We present the clinical case of a 42 year old male, with no drug allergies, with a personal history of infectious mononucleosis in childhood, fracture of the left arm 5 years ago, morbid obesity with hepatic steatosis treated by bariatric surgery.
He came to the Otorrolaryngology department for a few weeks of left nasal obstruction, with repeated episodes of purulent rhinorrhoea, with a sensation of left nasal packing, accompanied by an intranasal mass and a left submandibular tumour. Simultaneously, the patient was referred to the haematology department for repeated asymptomatic thrombocytosis in the blood tests. He was seen in the haematology department and, with the suspicion of essential thrombocythemia, a bone marrow aspirate/biopsy was performed, showing a platelet count of 487,000/ul in the haemogram.
The patient underwent a biopsy of the intranasal mass, which was completed with an incisional biopsy of the left submandibular tumour. The cervico-facial CT scan showed a mass of soft tissue in the left submaxillary cell, with areas of necrosis or abscessation, 3 cm in greatest diameter; accompanied by an adjacent locoregional adenopathic component of probably inflammatory nature. There was also a second lesion in discontinuity with the previous one, corresponding to a left paralateronasal cyst.
Biopsy of the intranasal lesion consisted of an infiltrate of lymphoid neoplastic cells with a diffuse growth pattern, no 'starry sky' images, and a moderate mitosis rate. The neoplastic cells are of intermediate size, with discretely irregular nuclei and moderate pleomorphism. The immunophenotype of the neoplastic cells determined by immunohistochemistry was: CD45+/cCD3+/Granzime B+/CD56+, CD20-/CD4-/CD8-/LMP1(EBV)-/Perforin-. Biopsy of the submandibular tumour showed massive infiltration by intermediate to large lymphoid neoplastic cells with nuclear irregularities and coarse, irregular and sparse azurophilic granulation. The immunophenotype is identical to that of the intranasal lesion. The EBER(EBV) determination was positive, there was polyclonal re-enhancer of T-lymphocyte receptor gamma chain (TCR) genes and immunoglobulin heavy chain (IgH) genes. This was compatible with a diagnosis of extranodal nasal type NK lymphoma.

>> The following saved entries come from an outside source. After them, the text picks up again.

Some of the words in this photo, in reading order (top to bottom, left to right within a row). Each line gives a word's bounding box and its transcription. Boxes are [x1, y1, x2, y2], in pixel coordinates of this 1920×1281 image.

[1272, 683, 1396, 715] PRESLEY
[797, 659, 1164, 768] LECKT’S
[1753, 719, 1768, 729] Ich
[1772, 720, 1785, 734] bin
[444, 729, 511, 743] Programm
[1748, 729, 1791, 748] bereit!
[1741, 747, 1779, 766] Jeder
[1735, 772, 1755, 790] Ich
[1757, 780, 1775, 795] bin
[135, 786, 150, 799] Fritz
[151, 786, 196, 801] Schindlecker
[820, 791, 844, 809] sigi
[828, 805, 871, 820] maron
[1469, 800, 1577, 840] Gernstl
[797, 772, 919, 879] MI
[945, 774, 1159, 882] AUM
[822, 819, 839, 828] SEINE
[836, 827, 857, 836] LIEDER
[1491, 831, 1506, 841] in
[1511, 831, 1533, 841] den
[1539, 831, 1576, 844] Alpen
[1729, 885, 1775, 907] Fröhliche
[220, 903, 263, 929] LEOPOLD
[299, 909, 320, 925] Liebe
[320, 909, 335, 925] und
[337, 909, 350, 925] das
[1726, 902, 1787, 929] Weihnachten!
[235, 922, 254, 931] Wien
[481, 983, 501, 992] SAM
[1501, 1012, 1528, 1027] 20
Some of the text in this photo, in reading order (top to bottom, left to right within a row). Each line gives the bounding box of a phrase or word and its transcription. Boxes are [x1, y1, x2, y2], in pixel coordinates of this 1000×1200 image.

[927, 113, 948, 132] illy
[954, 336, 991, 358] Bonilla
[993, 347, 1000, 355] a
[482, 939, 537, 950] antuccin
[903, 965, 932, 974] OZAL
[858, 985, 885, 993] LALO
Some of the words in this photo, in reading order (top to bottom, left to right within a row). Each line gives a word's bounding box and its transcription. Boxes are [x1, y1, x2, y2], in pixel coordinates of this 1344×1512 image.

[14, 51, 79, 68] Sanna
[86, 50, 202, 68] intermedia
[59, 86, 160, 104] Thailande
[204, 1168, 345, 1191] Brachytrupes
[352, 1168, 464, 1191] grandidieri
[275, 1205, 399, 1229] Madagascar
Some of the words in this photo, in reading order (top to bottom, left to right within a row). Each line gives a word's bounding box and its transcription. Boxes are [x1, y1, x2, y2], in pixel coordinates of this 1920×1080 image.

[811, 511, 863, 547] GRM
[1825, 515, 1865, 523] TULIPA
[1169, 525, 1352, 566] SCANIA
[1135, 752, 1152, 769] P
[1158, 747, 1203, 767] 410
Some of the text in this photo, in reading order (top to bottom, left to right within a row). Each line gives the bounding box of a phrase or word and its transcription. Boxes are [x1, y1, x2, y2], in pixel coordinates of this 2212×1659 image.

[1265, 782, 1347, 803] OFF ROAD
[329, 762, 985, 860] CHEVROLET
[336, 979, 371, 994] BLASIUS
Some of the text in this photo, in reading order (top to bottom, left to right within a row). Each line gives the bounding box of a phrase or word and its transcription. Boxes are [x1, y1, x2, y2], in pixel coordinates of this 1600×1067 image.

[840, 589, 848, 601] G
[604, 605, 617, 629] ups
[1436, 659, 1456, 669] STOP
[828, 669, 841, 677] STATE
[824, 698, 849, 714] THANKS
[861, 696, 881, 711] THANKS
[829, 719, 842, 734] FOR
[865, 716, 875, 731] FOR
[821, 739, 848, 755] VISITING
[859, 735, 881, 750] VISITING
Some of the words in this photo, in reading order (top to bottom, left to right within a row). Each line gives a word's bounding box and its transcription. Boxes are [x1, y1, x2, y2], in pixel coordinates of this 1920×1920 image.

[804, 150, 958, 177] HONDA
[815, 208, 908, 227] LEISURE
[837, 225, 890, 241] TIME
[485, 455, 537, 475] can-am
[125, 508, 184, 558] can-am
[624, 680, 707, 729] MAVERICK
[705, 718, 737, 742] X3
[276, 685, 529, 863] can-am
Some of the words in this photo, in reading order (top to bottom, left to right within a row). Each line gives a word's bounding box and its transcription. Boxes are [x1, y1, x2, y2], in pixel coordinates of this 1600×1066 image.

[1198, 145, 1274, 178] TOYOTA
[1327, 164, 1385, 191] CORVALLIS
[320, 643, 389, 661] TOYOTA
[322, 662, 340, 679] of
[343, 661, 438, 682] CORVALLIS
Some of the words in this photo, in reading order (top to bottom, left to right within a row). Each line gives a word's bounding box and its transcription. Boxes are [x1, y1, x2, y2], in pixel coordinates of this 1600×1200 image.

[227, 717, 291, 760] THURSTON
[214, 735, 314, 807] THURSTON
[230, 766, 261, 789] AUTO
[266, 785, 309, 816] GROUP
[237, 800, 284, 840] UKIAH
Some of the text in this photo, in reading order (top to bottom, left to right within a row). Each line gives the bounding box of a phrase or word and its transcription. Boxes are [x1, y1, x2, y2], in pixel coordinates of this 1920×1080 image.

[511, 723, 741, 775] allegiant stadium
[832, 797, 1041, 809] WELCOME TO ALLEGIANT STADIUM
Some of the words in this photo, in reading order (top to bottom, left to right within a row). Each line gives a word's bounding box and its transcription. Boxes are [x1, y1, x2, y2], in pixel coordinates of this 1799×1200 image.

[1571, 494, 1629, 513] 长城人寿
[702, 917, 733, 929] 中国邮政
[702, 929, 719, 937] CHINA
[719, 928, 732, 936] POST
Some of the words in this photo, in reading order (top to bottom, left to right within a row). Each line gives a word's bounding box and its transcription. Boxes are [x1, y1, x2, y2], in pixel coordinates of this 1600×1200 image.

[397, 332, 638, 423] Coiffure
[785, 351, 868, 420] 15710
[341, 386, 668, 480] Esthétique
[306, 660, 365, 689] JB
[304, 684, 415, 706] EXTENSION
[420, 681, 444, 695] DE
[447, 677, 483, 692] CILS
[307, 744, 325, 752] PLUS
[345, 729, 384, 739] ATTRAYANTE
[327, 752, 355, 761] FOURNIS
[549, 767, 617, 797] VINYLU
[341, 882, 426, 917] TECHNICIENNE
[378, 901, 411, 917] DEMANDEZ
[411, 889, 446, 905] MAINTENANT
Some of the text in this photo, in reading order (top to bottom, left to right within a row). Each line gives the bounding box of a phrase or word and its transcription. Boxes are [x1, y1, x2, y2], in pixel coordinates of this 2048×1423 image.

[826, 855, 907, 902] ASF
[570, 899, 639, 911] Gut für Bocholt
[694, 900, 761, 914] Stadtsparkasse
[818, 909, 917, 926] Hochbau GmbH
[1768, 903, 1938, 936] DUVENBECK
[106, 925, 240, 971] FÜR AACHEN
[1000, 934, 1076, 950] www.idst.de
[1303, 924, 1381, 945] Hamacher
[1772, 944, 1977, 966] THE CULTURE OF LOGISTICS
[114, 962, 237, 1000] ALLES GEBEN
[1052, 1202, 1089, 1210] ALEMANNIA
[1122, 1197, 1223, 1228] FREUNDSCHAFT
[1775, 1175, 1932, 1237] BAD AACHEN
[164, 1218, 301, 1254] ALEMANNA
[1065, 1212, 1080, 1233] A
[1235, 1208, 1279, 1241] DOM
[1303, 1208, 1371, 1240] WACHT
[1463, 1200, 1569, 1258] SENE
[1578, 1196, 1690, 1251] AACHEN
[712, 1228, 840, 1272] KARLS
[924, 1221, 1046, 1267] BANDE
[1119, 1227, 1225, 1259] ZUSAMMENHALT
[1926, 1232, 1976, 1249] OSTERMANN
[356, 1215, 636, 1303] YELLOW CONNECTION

The patient was immediately sent to the medical oncology department for evaluation. The patient was in very good general condition with a performance status of 0, with no B symptoms and asymptomatic, except for the symptoms of left nasal obstruction. The extension study was completed with thoraco-abdominal computed tomography, which showed no evidence of distant dissemination, bone marrow biopsy already requested due to suspicion of essential thrombocythemia, biochemistry with renal and hepatic profile, proteinogram, LDH and serum beta-2-microglobulin.
Bone marrow examination showed normocellular parenchyma (3/5), with moderate megakaryocytic hyperplasia with elements in all maturational stages, some of them with hypertrophic appearance, with the remaining series preserved. There was no evidence of myelofibrosis, parasites or granulomas. There was also no lymphomatous infiltration. The bone marrow study does not support (nor does it absolutely rule out) the diagnosis of essential thrombocythemia.
LDH and beta-2-microglobulin, as well as the rest of the biochemical parameters were in the normal range. Serology for HIV, HBV and HCV were negative. Haemoglobin and leukocyte counts were normal, with an unaltered leukocyte formula, with only a thrombocytosis of 487,000/ul standing out.
With the diagnosis of extranodal NK lymphoma nasal type in localised stage with reactive thrombocytosis, the patient immediately started treatment with polychemotherapy followed by sequential radiotherapy, deciding to carry out an autologous bone marrow transplant as the first line of treatment.